4.1. De Raad overweegt dat het onder 1.4. vermelde artikel VI ertoe strekt om de in artikel 13 van het Barp opgenomen regeling met betrekking tot de invoering van de 38-urige werkweek per 1 juli 2001 met daarbij de (eenmalige) mogelijkheid voor de individuele ambtenaar om te kiezen voor een 36-urige werkweek, ook voor op 30 juni 2001 al in dienst zijnde ambtenaren van toepassing te doen zijn. Artikel 13 is in het Barp opgenomen onder hoofdstuk III, getiteld “Arbeids- en rusttijden”. Gedaagden dienen evenwel op grond van de met hen gemaakte afspraken als onder 1.2.1. en 1.2.2. vermeld, te worden beschouwd als personen die definitief niet meer daadwerkelijk bij de politieregio werkzaam zijn (niet-actieven).
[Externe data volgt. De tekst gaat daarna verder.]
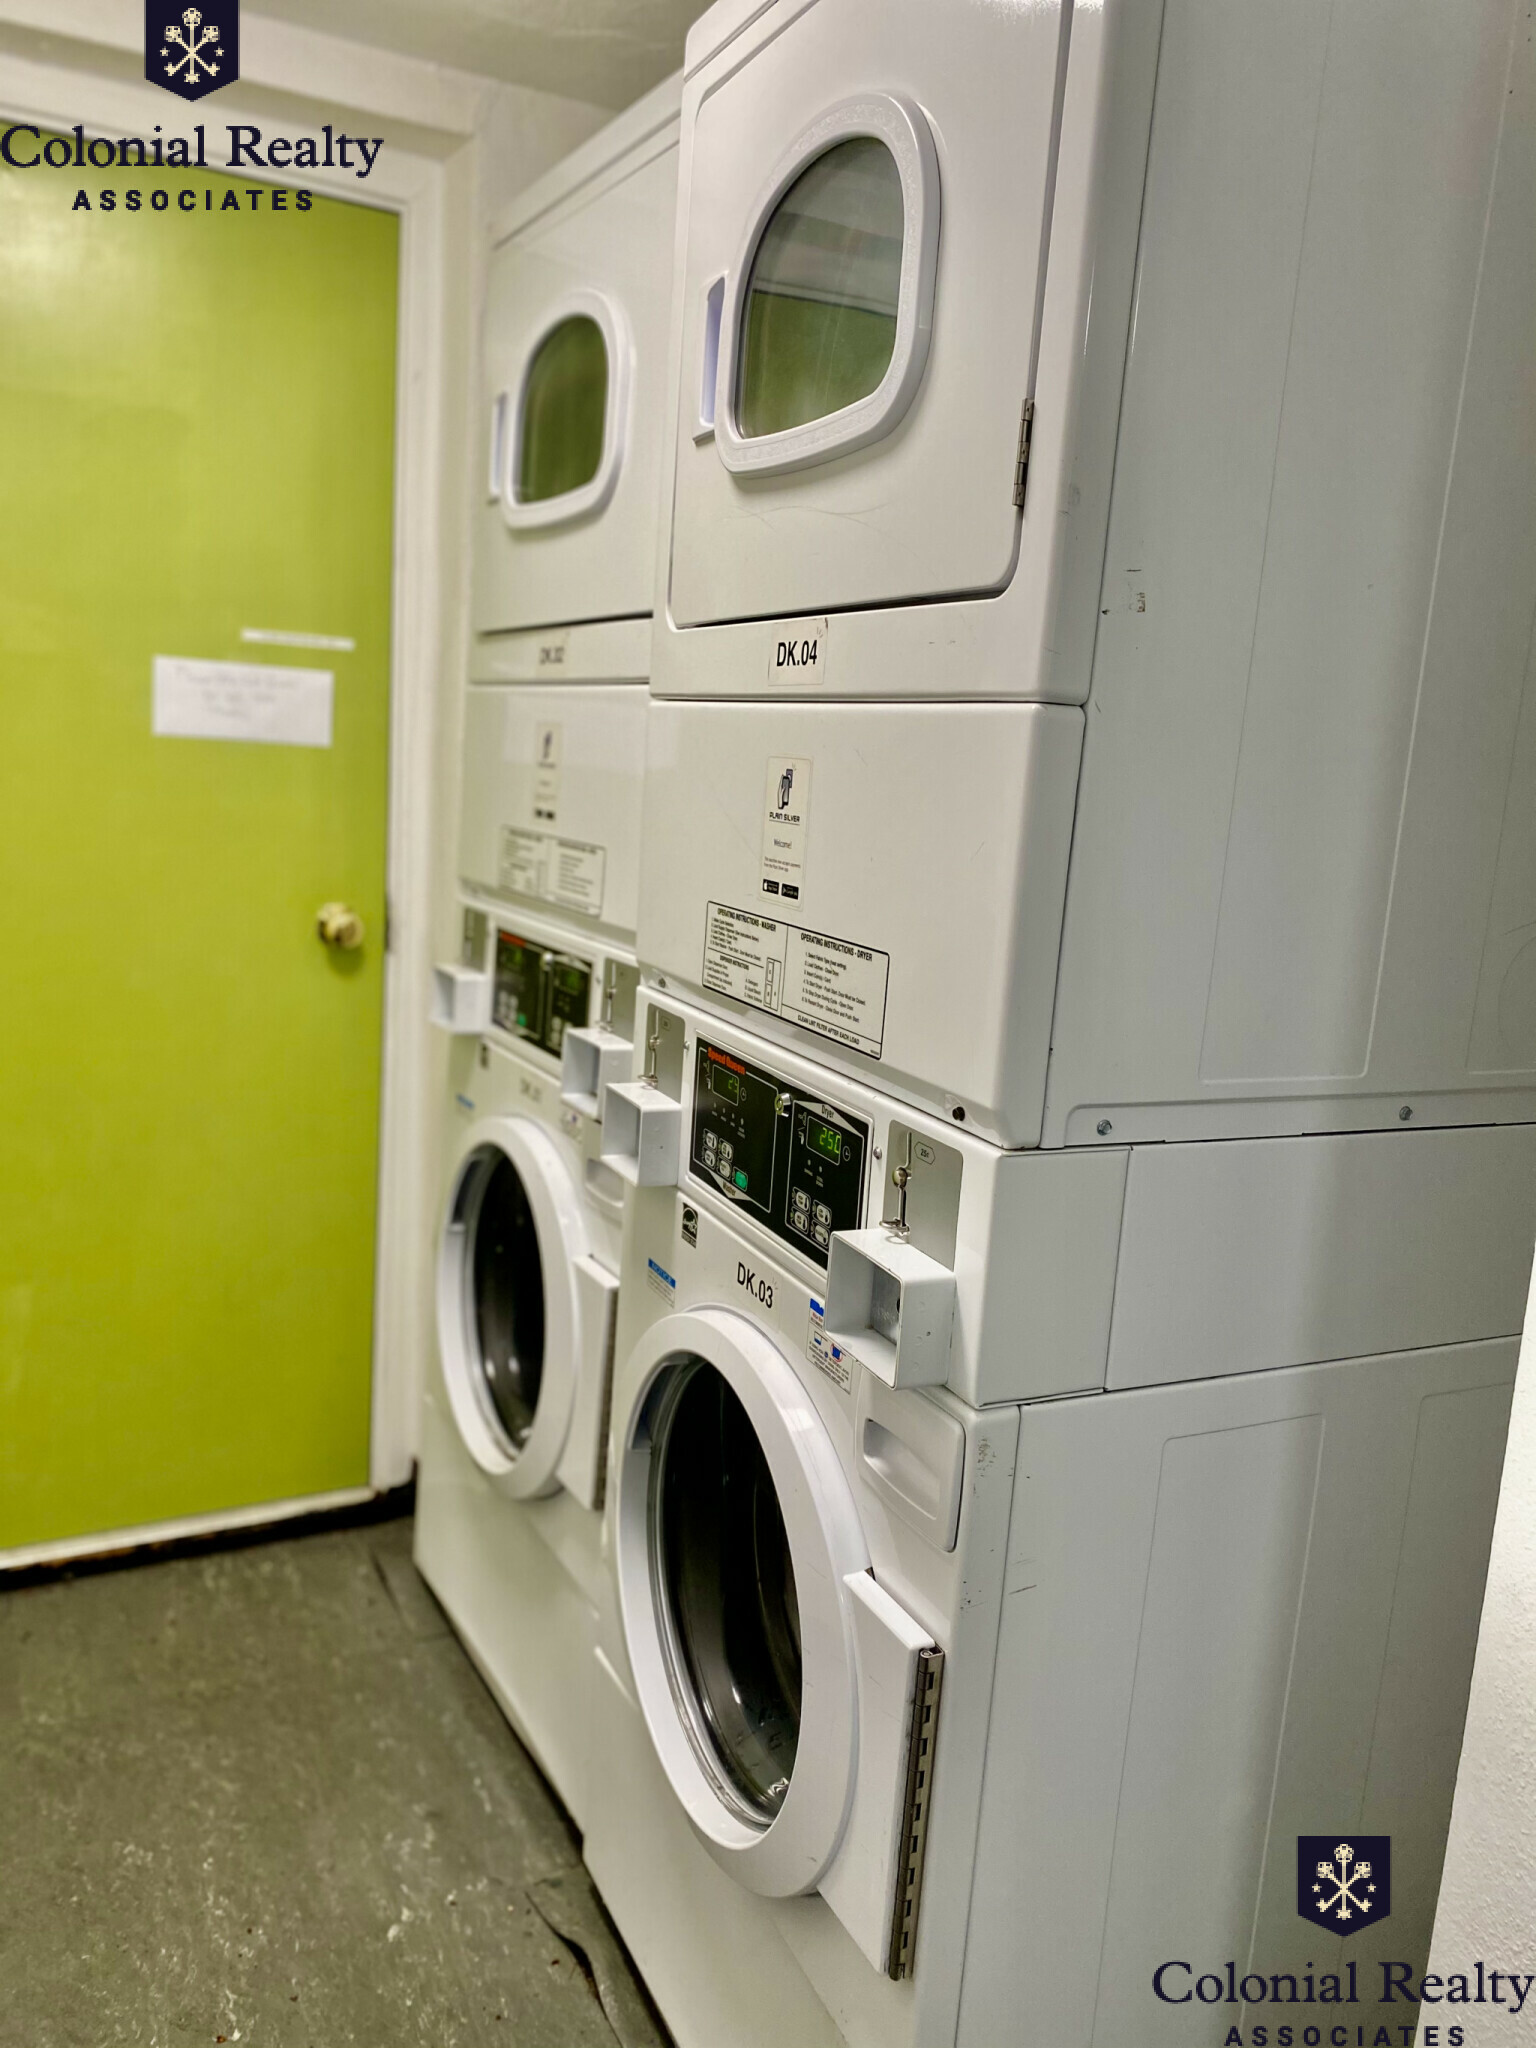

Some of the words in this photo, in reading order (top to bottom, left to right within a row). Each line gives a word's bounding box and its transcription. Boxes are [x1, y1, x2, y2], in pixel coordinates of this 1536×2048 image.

[776, 639, 818, 667] DK.04
[762, 921, 776, 932] WASHER
[800, 932, 824, 946] OPERATING
[824, 939, 854, 956] INSTRUCTIONS
[857, 949, 872, 962] DRYER
[798, 1014, 809, 1024] CLEAN
[816, 1022, 827, 1032] FILTER
[828, 1026, 839, 1036] AFTER
[840, 1032, 849, 1040] EACH
[821, 1104, 835, 1118] Dryer
[736, 1261, 774, 1309] DK.03
Bepalingen ten aanzien van de arbeids- en rusttijden zijn derhalve in de gevallen van gedaagden buiten de orde; op deze bepalingen kunnen zij geen beroep doen. Van betekenis is ook dat de salarisschalen als zodanig in het kader van de wijziging van artikel 13 van het Barp niet zijn aangepast en gebaseerd zijn gebleven op de betrekkingsomvang van 36 uur per week. Daarenboven wijst de Raad erop dat met deze wijziging is beoogd om de arbeidscapaciteit van het politieapparaat (voor een periode van tien jaren) op korte termijn uit te breiden. Aan deze uitbreiding leveren gedaagden als niet-actieven uiteraard geen bijdrage.
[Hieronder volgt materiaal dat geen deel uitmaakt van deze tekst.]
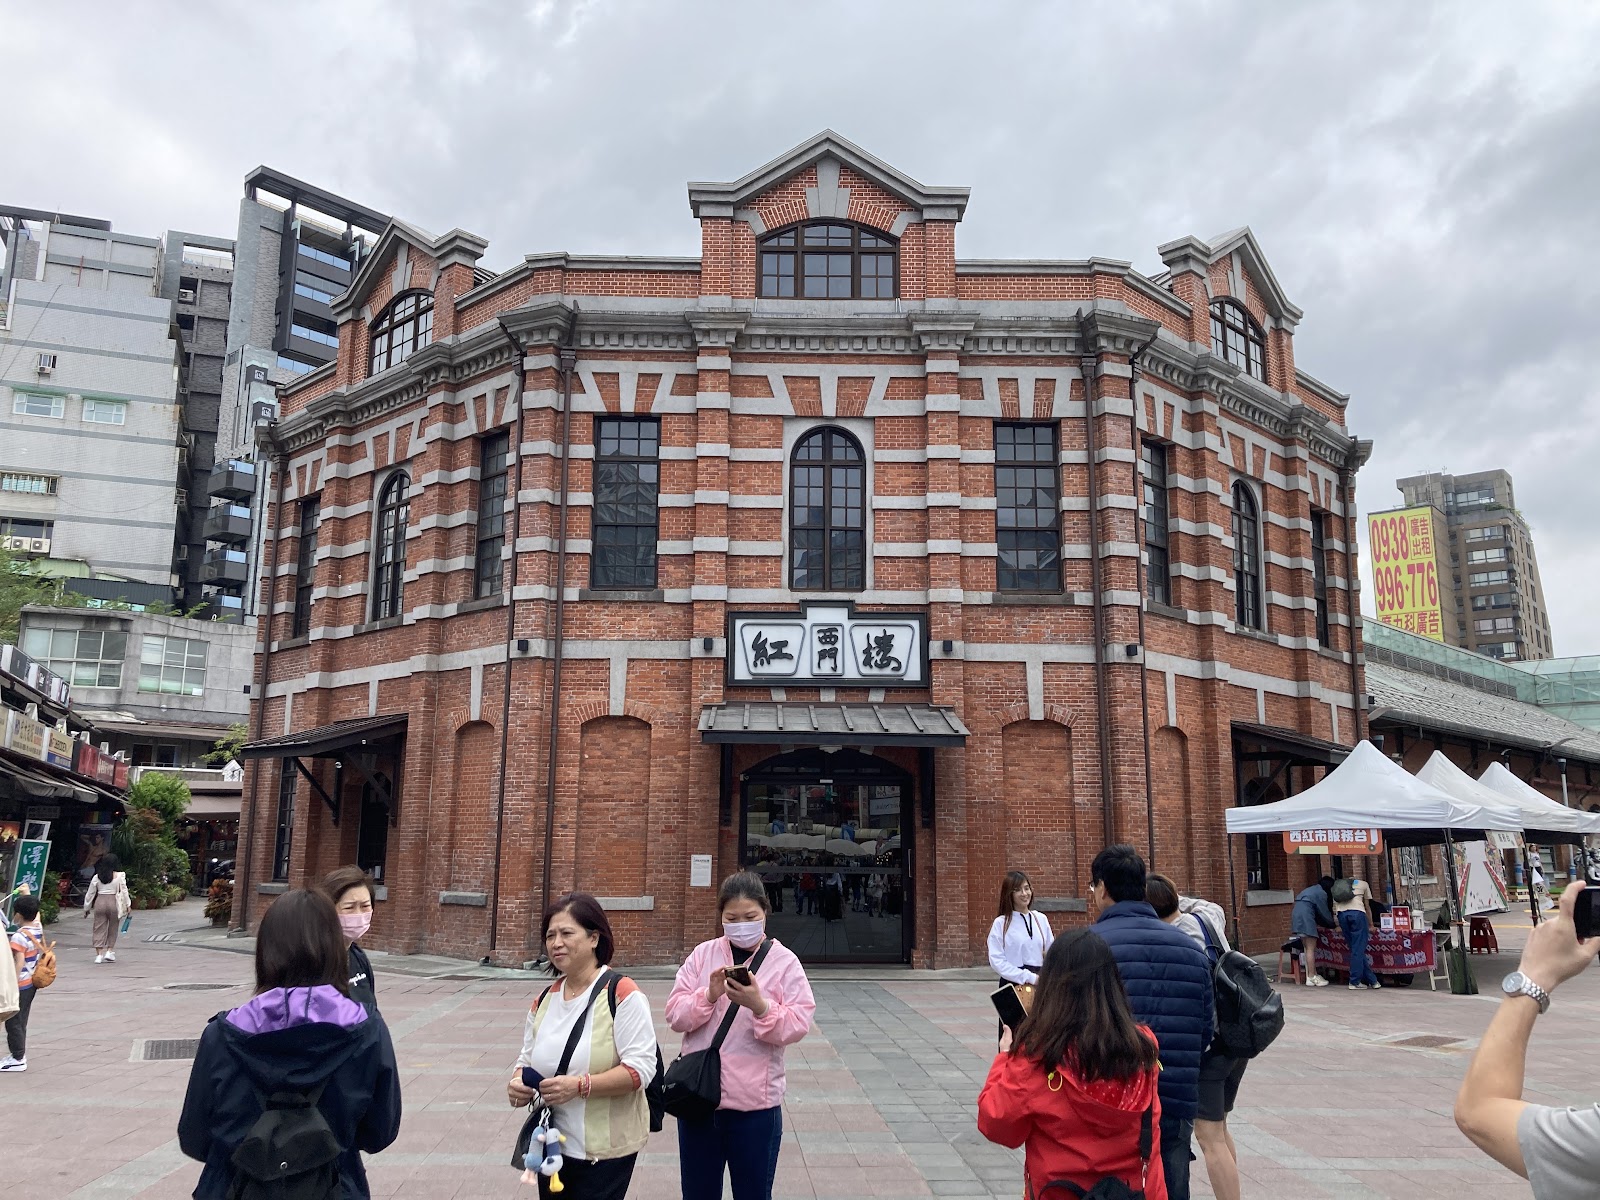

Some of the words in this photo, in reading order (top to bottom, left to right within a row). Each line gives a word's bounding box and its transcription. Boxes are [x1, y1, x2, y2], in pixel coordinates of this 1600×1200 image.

[1410, 517, 1429, 536] 廣告
[1372, 516, 1409, 563] 0938
[1412, 537, 1432, 557] 出租
[752, 630, 793, 668] 紅
[816, 627, 839, 672] 西門
[862, 628, 902, 671] 樓
[1290, 829, 1367, 842] 西紅市服務台
4.2. Voorzover gedaagden zich gelet op de (aanvankelijke) uitbetalingen van hogere bedragen, alsof voor gedaagden een werkweek van 38 uur van toepassing was geworden, over de maanden september en oktober 2001, hebben willen beroepen op het rechtszekerheidsbeginsel, overweegt de Raad dat gedaagden er vanwege hun status van niet-actieven zeker niet zonder meer van konden uitgaan dat die uitbetalingen juist waren; zij dienden er dan ook ernstig rekening mee te houden dat zou worden besloten die uitbetalingen ongedaan te maken, zoals ook is gebeurd.
4.3. Uit het vorenstaande volgt dat het hoger beroep slaagt. De aangevallen uitspraak dient te worden vernietigd en het inleidend beroep van beide gedaagden moet alsnog ongegrond worden verklaard.
5. De Raad acht tot slot geen termen aanwezig toepassing te geven aan artikel 8:75 van de Algemene wet bestuursrecht inzake vergoeding van proceskosten.
De Centrale Raad van Beroep:
Vernietigt de aangevallen uitspraak;
Verklaart het beroep van beide gedaagden ongegrond.
Aldus gegeven door mr. G.P.A.M. Garvelink-Jonkers als voorzitter en mr. J.Th. Wolleswinkel en mr. K. Zeilemaker als leden, in tegenwoordigheid van E. Blijleven-de Vries als griffier, en uitgesproken in het openbaar op 13 januari 2005.
(get.) G.P.A.M. Garvelink-Jonkers.
(get.) E. Blijleven-de Vries.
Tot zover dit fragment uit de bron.